UPDATE, 3:30am EST Jan 22: With just over 8 hours to go, the goal of 30,000 has been reached. The project will be funded and the movie completed!
Update, 7pm EST Jan 21: Just 17 hours to go and now less than $3000 short of the goal.

There are literally just hours left if you would like to help fund a movie about E. Gene Smith, the man devoted his life to the study of Buddhism and who brought us the Tibetan Buddhist Resource Center, an invaluable site for scholars and practitioners committed to the understanding and preservation of Tibetan texts.
About the Film
Digital Dharma uncovers E. Gene Smith’s 50-year journey with renowned scholars, lamas and laypeople as they struggle to find, preserve and digitize more than 20,000 volumes of ancient Tibetan text. Crossing multiple borders – geographic, political and philosophical – Digital Dharma is an epic story of a cultural rescue and how one man’s mission became the catalyst for an international movement to provide free access to the story of a people.
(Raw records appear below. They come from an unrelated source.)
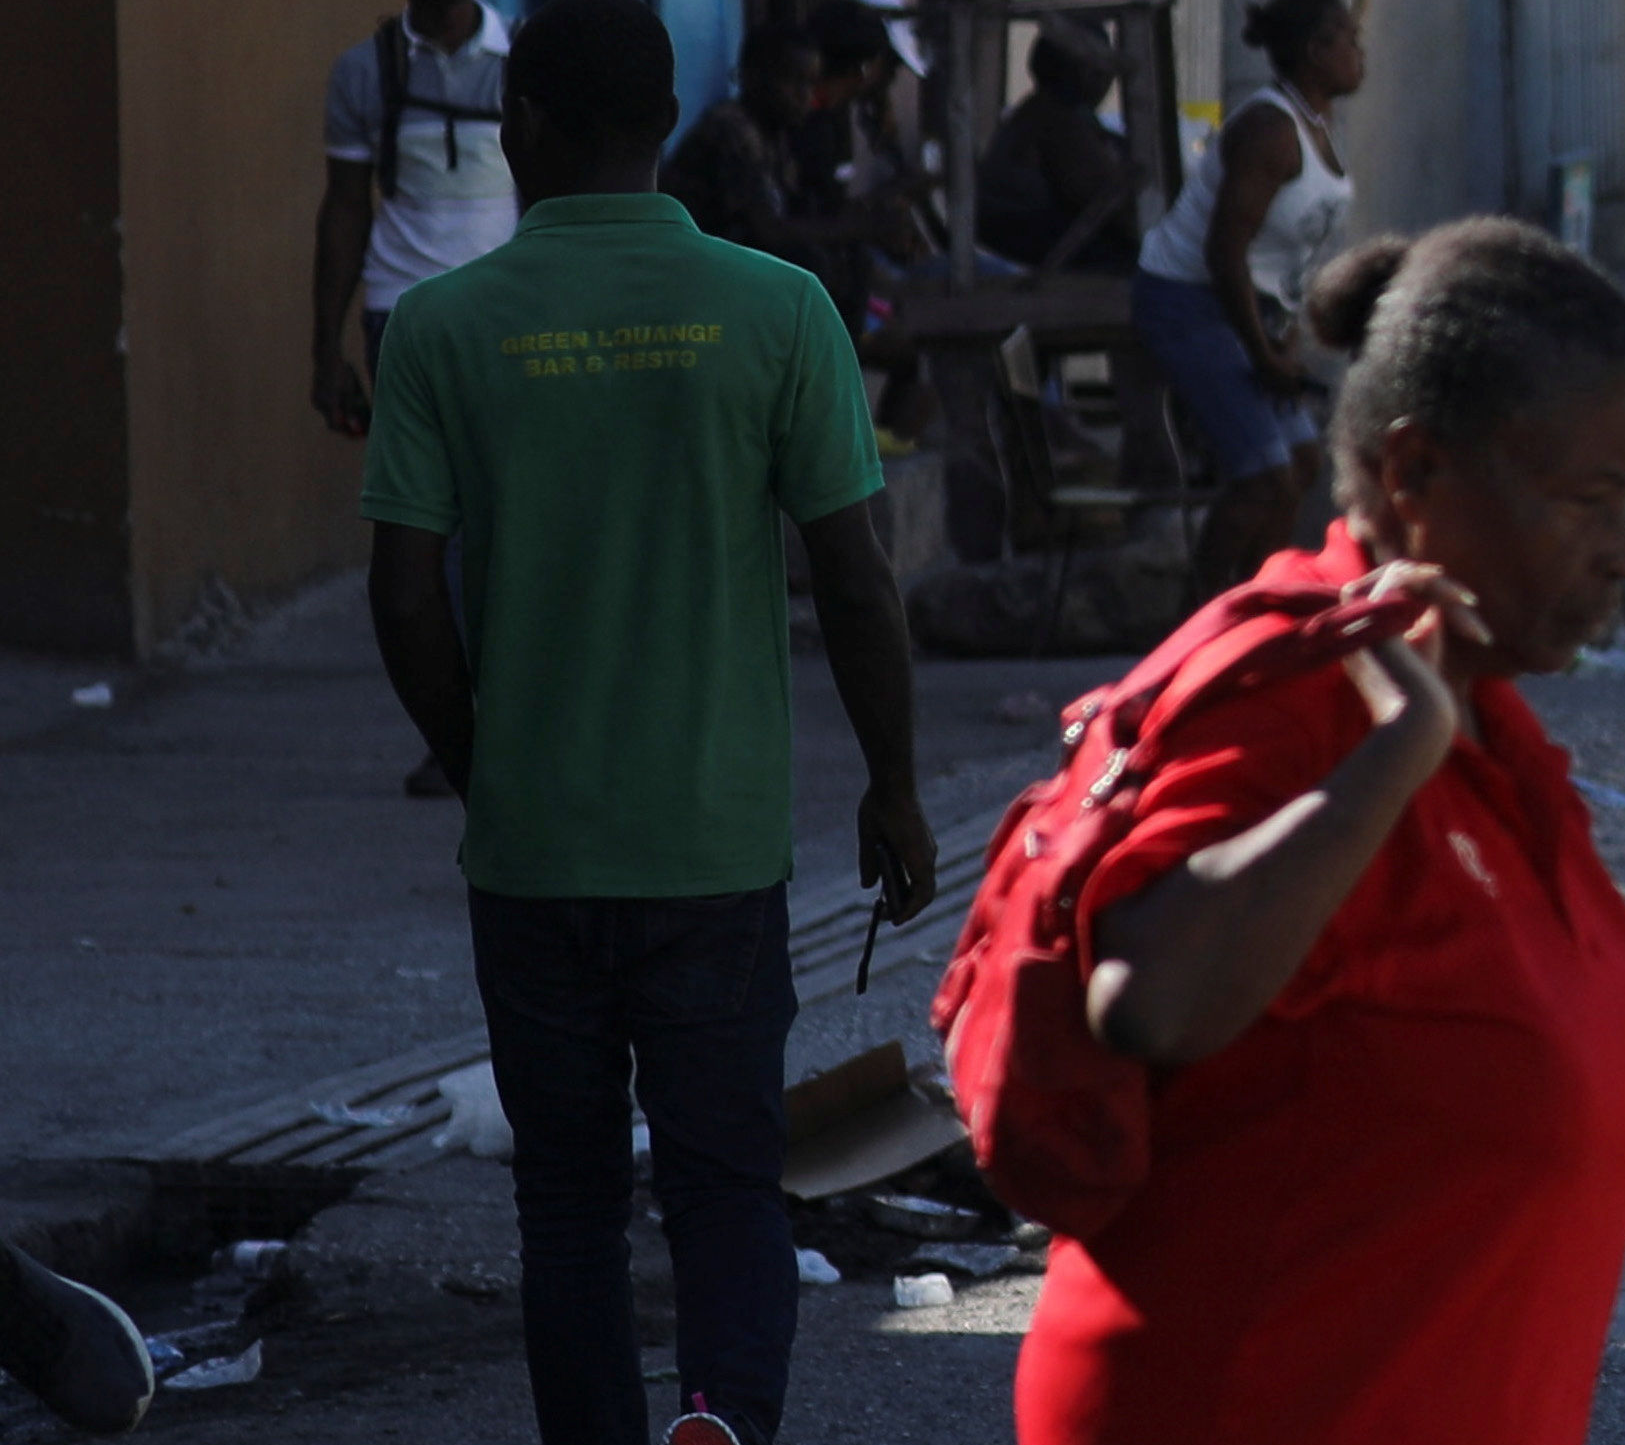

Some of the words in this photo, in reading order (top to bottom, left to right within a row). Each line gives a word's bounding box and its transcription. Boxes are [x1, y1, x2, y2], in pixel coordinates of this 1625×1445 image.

[500, 329, 589, 355] GREEN
[597, 324, 723, 347] LOUANGE
[525, 357, 577, 378] BAR
[585, 354, 605, 374] &
[613, 349, 699, 372] RESTO
To view the trailer and to find out more information on the film please visit our website: www.digitaldharma.com
To become a fan of the film on Facebook, please visit:http://www.facebook.com/DigitalDharma
About the Mission
In 1959, Tibetan villages were attacked and hundreds of monasteries were destroyed, causing irreplaceable ancient Sanskrit and Tibetan writings to disappear. This tumultuous time put the history of the entire Tibetan culture in peril – and called a man from Ogden, Utah to his destiny.
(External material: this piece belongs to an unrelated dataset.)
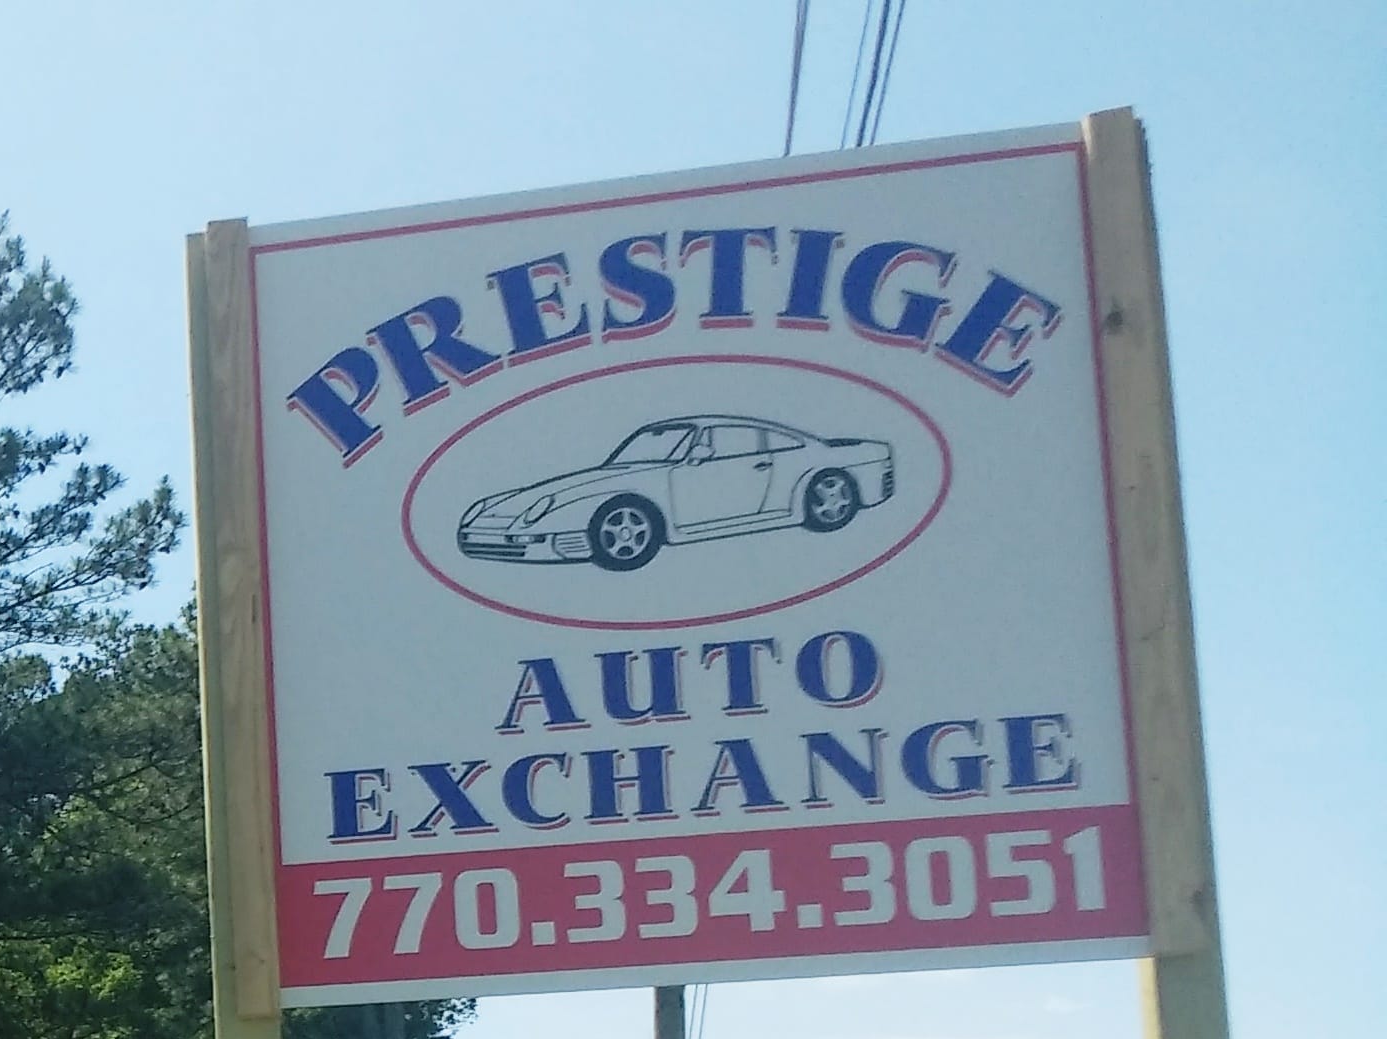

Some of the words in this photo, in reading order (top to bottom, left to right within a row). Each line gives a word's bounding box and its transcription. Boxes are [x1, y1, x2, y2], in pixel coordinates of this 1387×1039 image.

E. Gene Smith became the unlikely leader in an effort to rescue, preserve and share the riches of a 1,500-year-old seemingly lost Tibetan literary culture. Smith’s mission crossed geographical, political and philosophical borders to rescue this chronicle of mankind’s advancements—from the medical to the mystical.
With the Buddhist thought at its core, his goal was to digitize the more than 20,000 volumes he rescued in order to provide free access to the story of a people. With technological advancement speeding forward, Gene’s vision was to make these texts accessible to everyone, even in the most remote monasteries and villages, and preserve the knowledge they contain for humanity.